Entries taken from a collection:
= Beginning of Section =

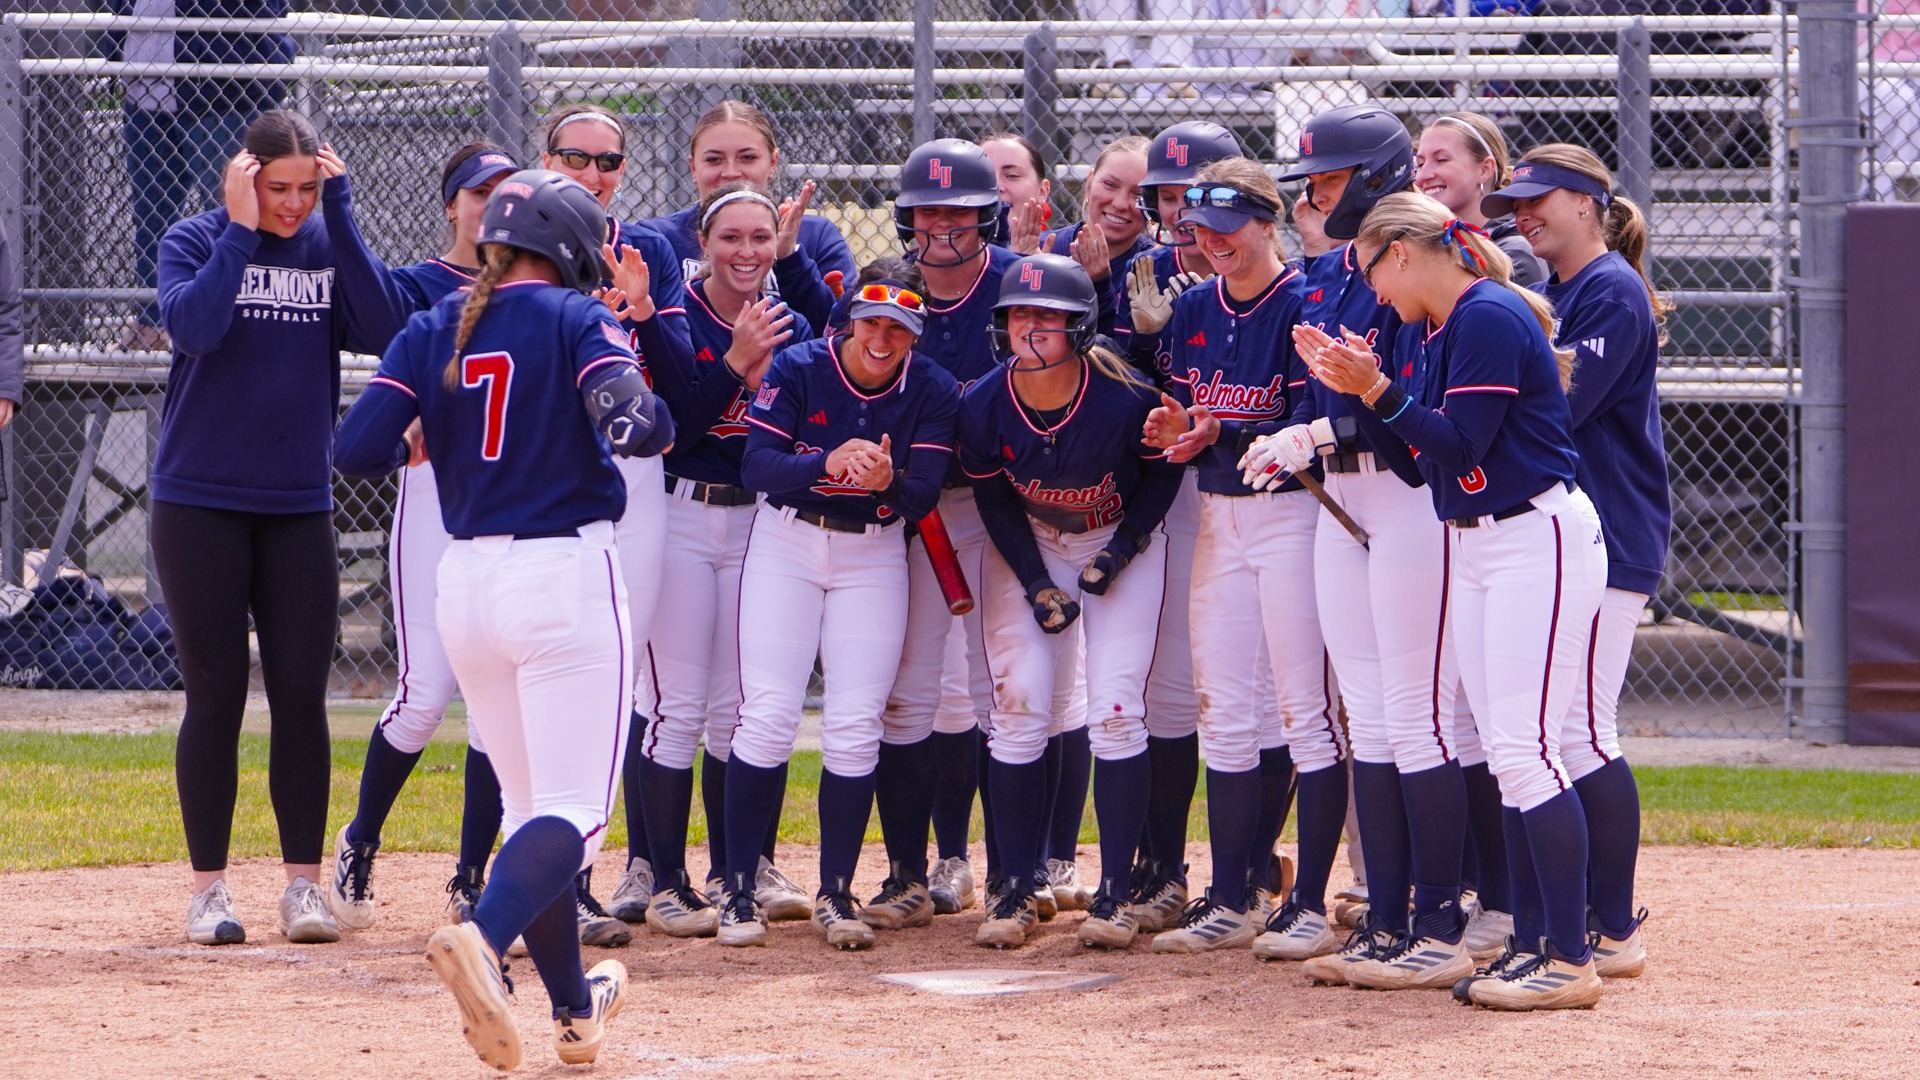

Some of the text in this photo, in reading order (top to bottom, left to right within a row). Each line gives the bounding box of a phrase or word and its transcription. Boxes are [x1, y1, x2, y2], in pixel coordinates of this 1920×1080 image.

[1166, 137, 1189, 166] BU
[929, 158, 953, 188] BU
[504, 202, 514, 217] 1
[1019, 262, 1044, 291] BU
[242, 308, 321, 323] SOFTBALL
[1187, 366, 1284, 413] Belmont
[461, 350, 516, 462] 7
[1004, 467, 1117, 509] elmont
[1085, 492, 1125, 531] 12

= End of Section =

The expected output is each entry given again word for word, with pictures dropped.

▶ **RESULT**:
Some of the text in this photo, in reading order (top to bottom, left to right within a row). Each line gives the bounding box of a phrase or word and its transcription. Boxes are [x1, y1, x2, y2], in pixel coordinates of this 1920×1080 image.

[1166, 137, 1189, 166] BU
[929, 158, 953, 188] BU
[504, 202, 514, 217] 1
[1019, 262, 1044, 291] BU
[242, 308, 321, 323] SOFTBALL
[1187, 366, 1284, 413] Belmont
[461, 350, 516, 462] 7
[1004, 467, 1117, 509] elmont
[1085, 492, 1125, 531] 12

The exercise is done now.